図1.VBPC、BP-MCとPlug-in-MAPの性能(単語認識率,%表示)比較。認識対象は日本語孤立数字音声で、認識音声は学習音声に白色ガウス雑音を重畳させたものを用いた。図2.オンラインベイズ学習VBPCのブロック図。図3.真の事前/事後確率密度関数の有限個の分布の混合による近似に基づく順次ベイズ学習。Nベストの考え方を利用する。表1.提案したminimax探索とPlug-in-MAPによるビタビ探索の性能(%表示)比較。対象はTIDIGITSで白色ガウス雑音付加の場合。
審査要旨

 本論文は「A Study on Robust Decision Rules in Automatic Speech Recognition」と題し、学習と認識での諸条件の異なりにより認識率が低下するという現在最も問題とされている課題に取り組み、従来の隠れマルコフモデルによる認識手法を見直すことによって、この様な異なりに頑健な新しい手法を開発したものであって、全7章からなり、英語で記述されている。

 第1章は「Introduction」であって、本論文の背景と目的を述べている。まず、音声認識で問題となっている要因として、学習環境と認識環境の違いによる認識率の低下をあげ、それに対して行われている種々の問題設定とアプローチを例を挙げて概説している。その上で、本論文で取り扱う問題を、この様な違いを考慮した認識の決定理論であるとし、ベイズ予測分類とMinimax法に基づいて新しい方式を開発するとしている。

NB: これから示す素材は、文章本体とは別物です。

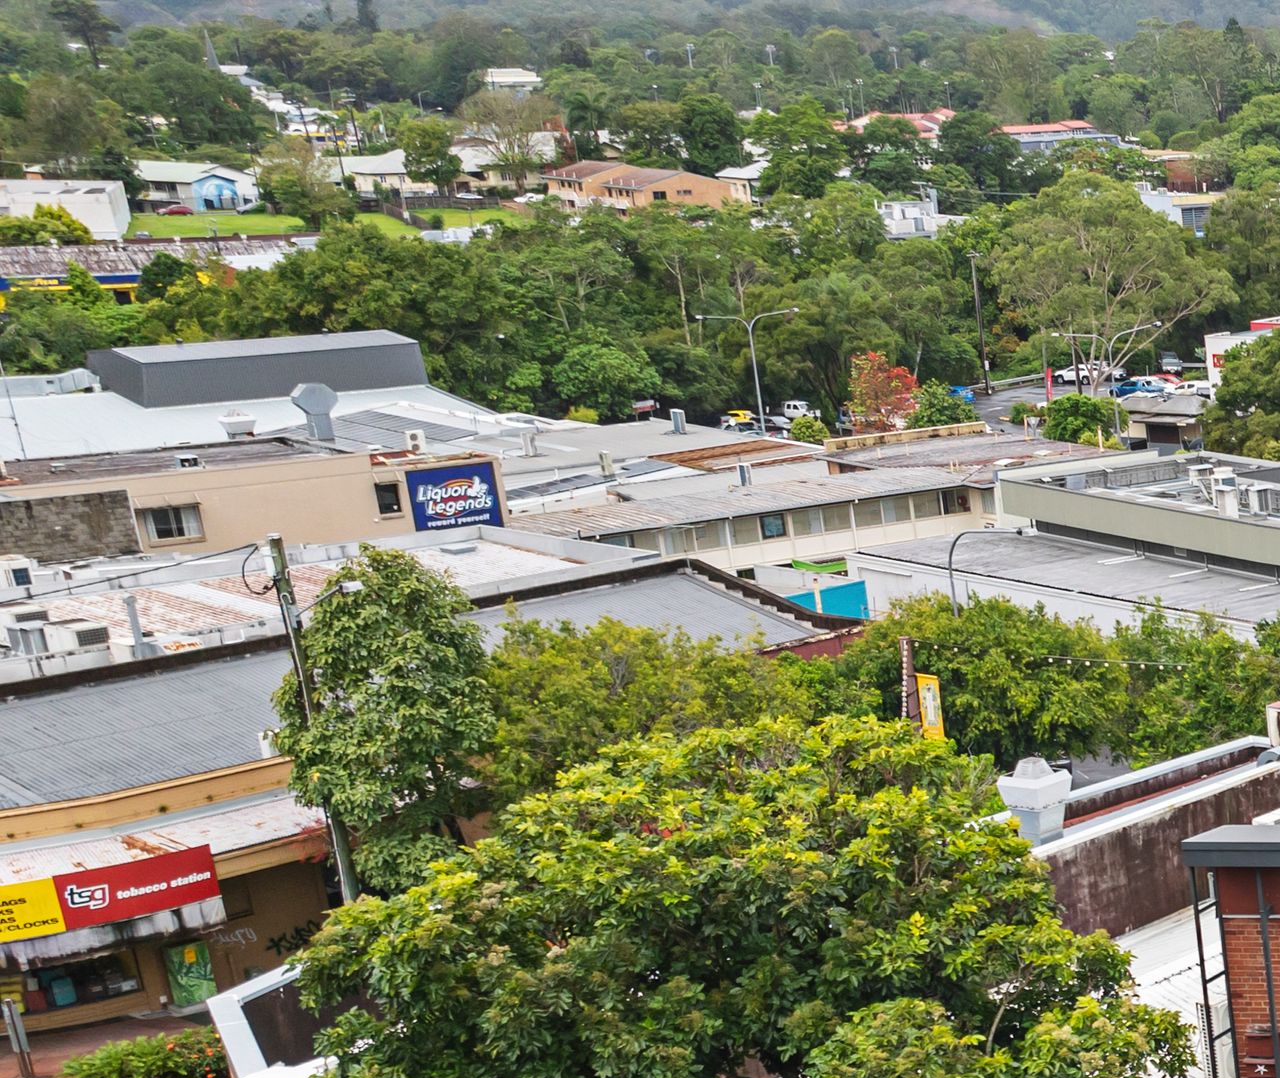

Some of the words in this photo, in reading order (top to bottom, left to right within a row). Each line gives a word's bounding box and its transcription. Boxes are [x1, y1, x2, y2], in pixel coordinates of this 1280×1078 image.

さらに、本論文の各章の位置付けを述べている。

 第2章は「Decision Rules for Speech Recognition and Their Robustness」と題して、まず、学習環境と認識環境の違いがある場合の決定理論としてのOptimal MAPを位置付け、違いについての知識が得られない場合に確率分布を近似したplug-in MAPとなることを示した上で、違いによる不確定性をモデル化する手法として、HMMパラメータの分布をモデル化するベイズ予測分類と、観測特徴ベクトルに対する認識単位の確率をモデル化するMinimax法を説明し、続く章の導入としている。

 第3章は「Robust Speech Recognition Based on Bayesian Predictive Approach」と題して、ベイズ予測分類に基づく頑健な認識手法の提案を行っている。連続分布HMMの尤度関数は、本来、あらゆる状態経路と混合分布成分について総和を取って計算するが、これをそのままベイズ予測分類に用いると認識単位に対する観測特徴ベクトルの確率密度分布を計算することは困難である。尤度最大の経路と分布で代表させるViterbi手法を適用することによってこれを可能とするViterbi Bayesian Predictive Classification(VBPC)を提案し、それを反復的に計算するアルゴリズムを開発した。また、連続分布HMMの混合分布成分を直接ベイズ予測密度によって推定し、MAP決定規則を利用するBP-MC法を提案した。次に、提案手法の評価のために、環境の違いを白色雑音とした場合の認識実験を孤立数字音声と連続数字音声とについて行い、VBPCとBP-MCがPlug-in MAP法に比較して優れていることを示している。さらに、不確定性によるモデルパラメータの分布の範囲と認識性能との関係を調べ、比較的分布によらない結果が得られるとしている。環境の違いとして種々の実環境下雑音、性差を考慮した認識実験も行い、同様に提案手法が有効ではあるものの、その程度は低下するとしている。これは、違いに特徴があるためであると考察し、次章の学習の必要性を指摘している。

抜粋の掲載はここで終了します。